> **Aim of the exercise**: The listing is to be repeated exactly, and its pictures are to be left out.

[Extracted material — start]

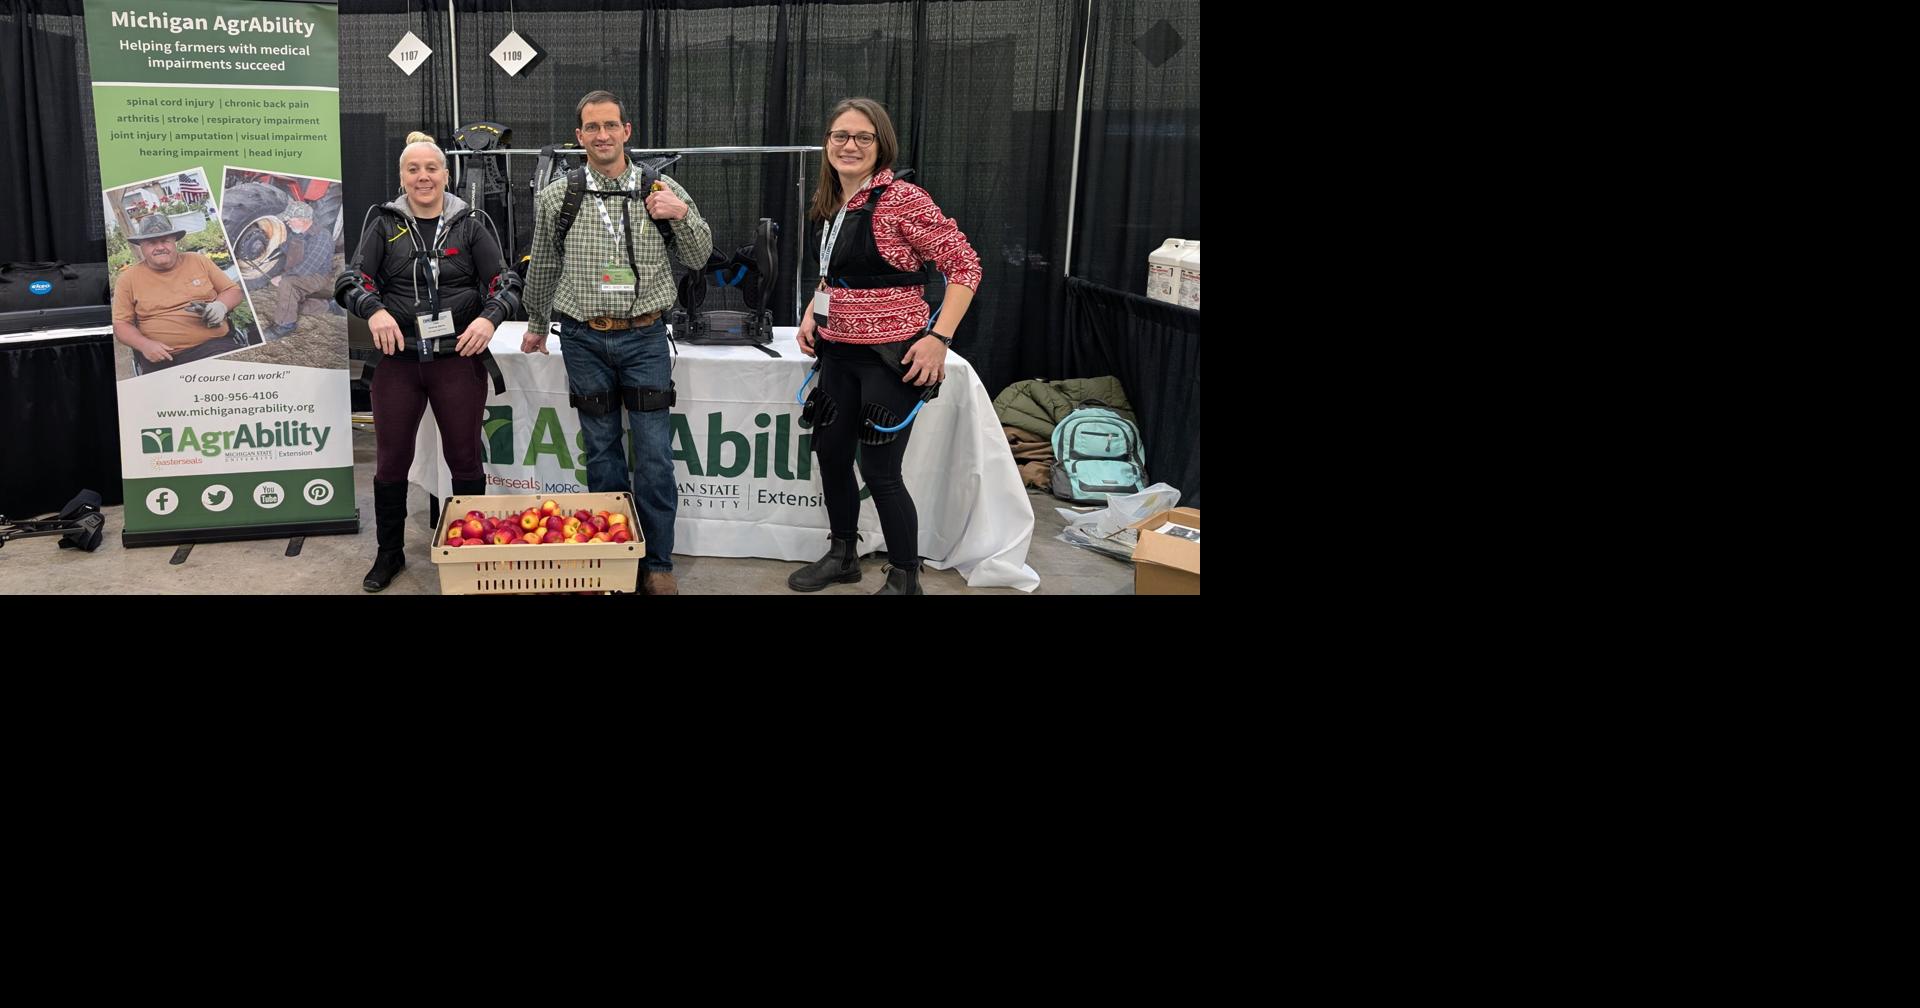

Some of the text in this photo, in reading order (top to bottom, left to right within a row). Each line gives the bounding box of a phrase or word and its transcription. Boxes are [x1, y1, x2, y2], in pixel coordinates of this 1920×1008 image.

[111, 11, 315, 38] Michigan AgrAbility
[119, 39, 310, 56] Helping farmers with medical
[400, 50, 419, 61] 1107
[502, 51, 522, 61] 1109
[148, 57, 285, 71] impairments succeed
[126, 98, 309, 111] spinal cord injury chronic back pain
[117, 114, 320, 127] arthritis stroke respiratory impairment
[110, 131, 328, 144] joint injury amputation visual impairment
[139, 148, 303, 160] hearing impairment head injury
[198, 374, 230, 383] course
[232, 373, 237, 381] I
[193, 391, 279, 403] 1-800-956-4106
[157, 404, 315, 418] www.michiganagrability.org
[177, 420, 331, 458] AgrAbility
[278, 449, 313, 458] Extension
[156, 457, 203, 466] easterseals
[262, 485, 275, 494] You
[485, 473, 580, 494] terseals MORC
[700, 484, 740, 495] STATE
[757, 489, 823, 507] Extensi
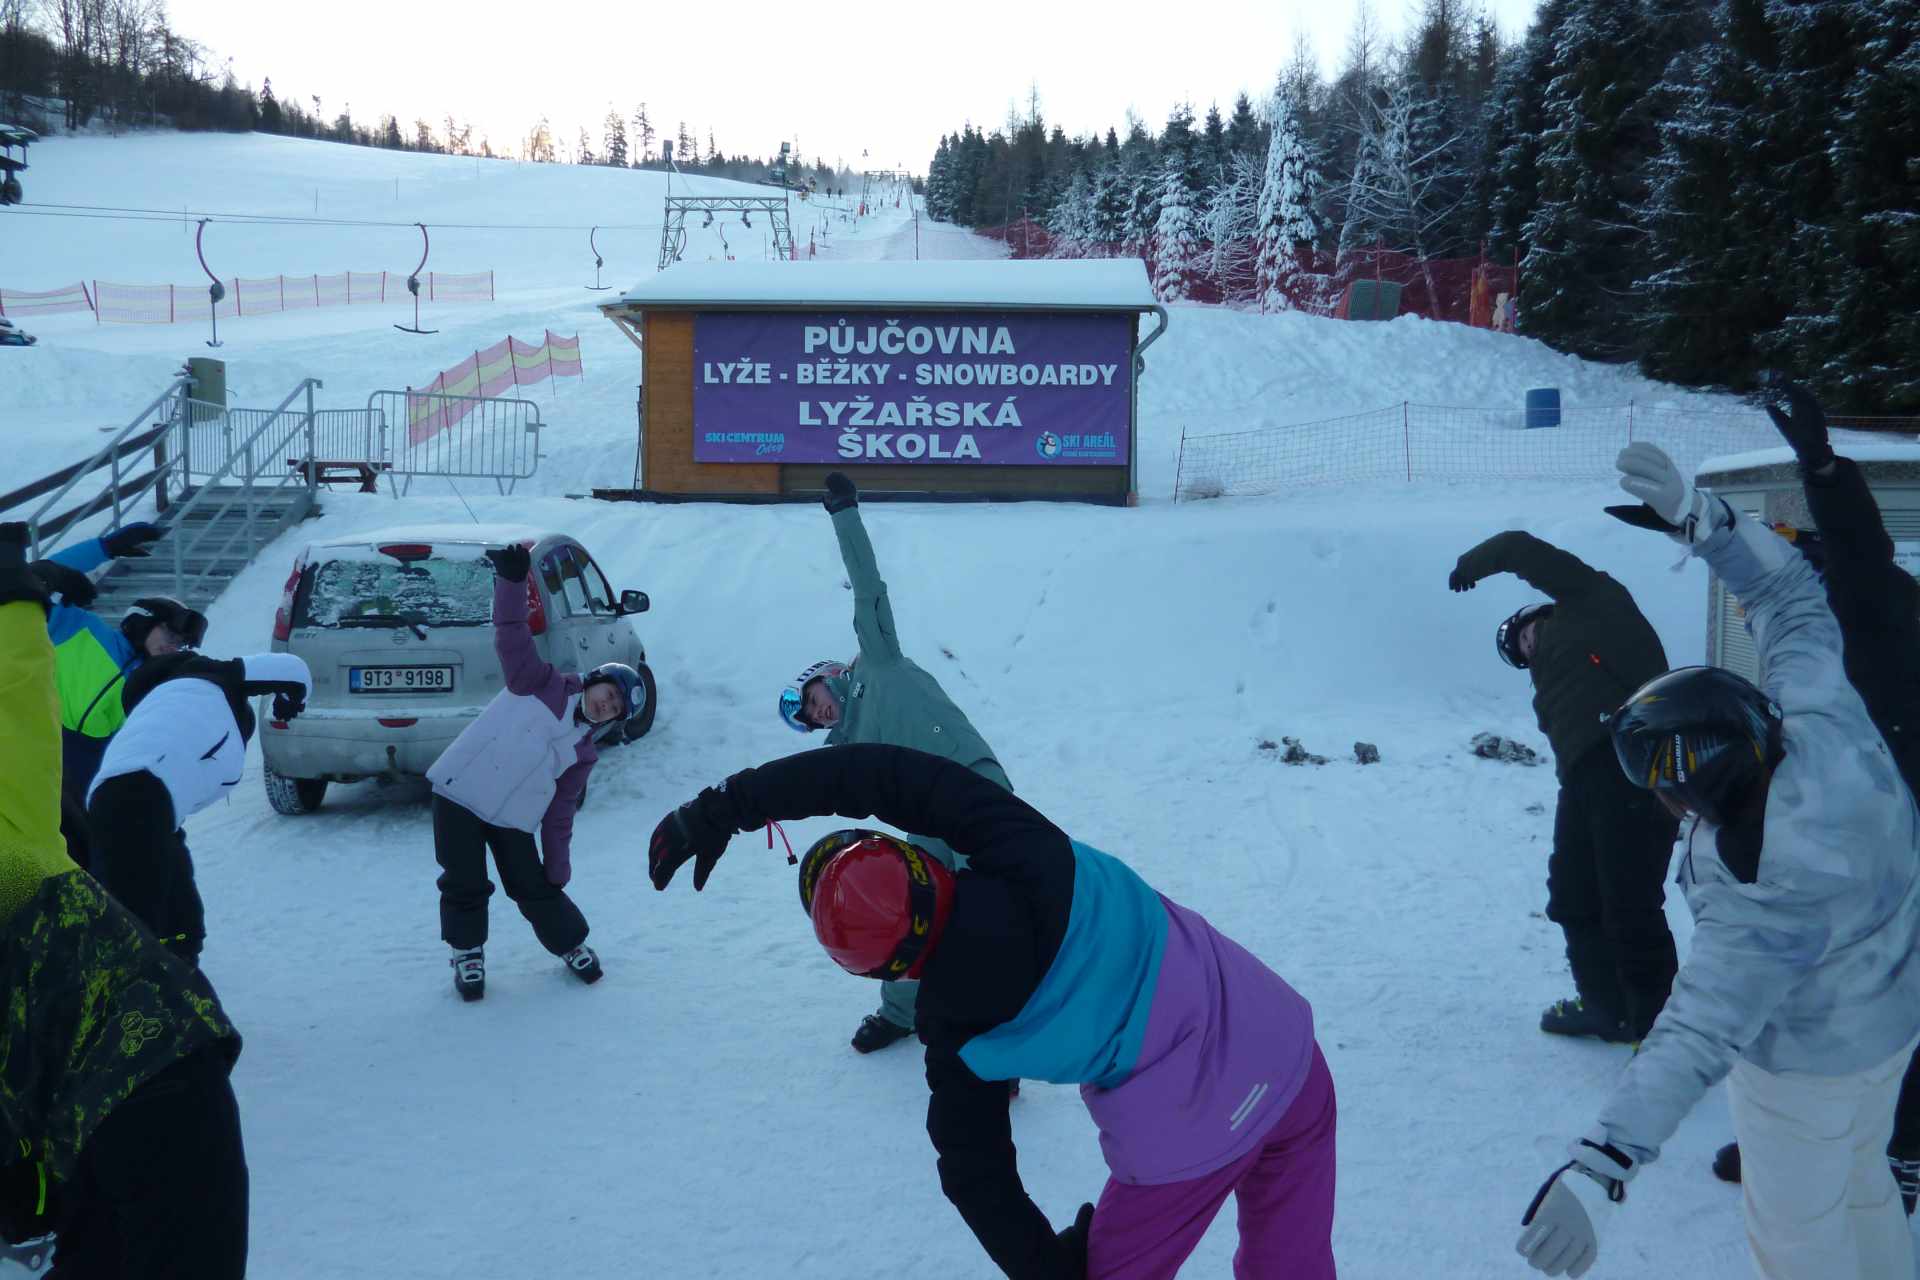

[Extracted material — finish]

> **Response to the task**:
Some of the text in this photo, in reading order (top to bottom, left to right within a row). Each line gives the bounding box of a phrase or word and its transcription. Boxes are [x1, y1, x2, y2], in pixel coordinates of this 1920×1008 image.

[111, 11, 315, 38] Michigan AgrAbility
[119, 39, 310, 56] Helping farmers with medical
[400, 50, 419, 61] 1107
[502, 51, 522, 61] 1109
[148, 57, 285, 71] impairments succeed
[126, 98, 309, 111] spinal cord injury chronic back pain
[117, 114, 320, 127] arthritis stroke respiratory impairment
[110, 131, 328, 144] joint injury amputation visual impairment
[139, 148, 303, 160] hearing impairment head injury
[198, 374, 230, 383] course
[232, 373, 237, 381] I
[193, 391, 279, 403] 1-800-956-4106
[157, 404, 315, 418] www.michiganagrability.org
[177, 420, 331, 458] AgrAbility
[278, 449, 313, 458] Extension
[156, 457, 203, 466] easterseals
[262, 485, 275, 494] You
[485, 473, 580, 494] terseals MORC
[700, 484, 740, 495] STATE
[757, 489, 823, 507] Extensi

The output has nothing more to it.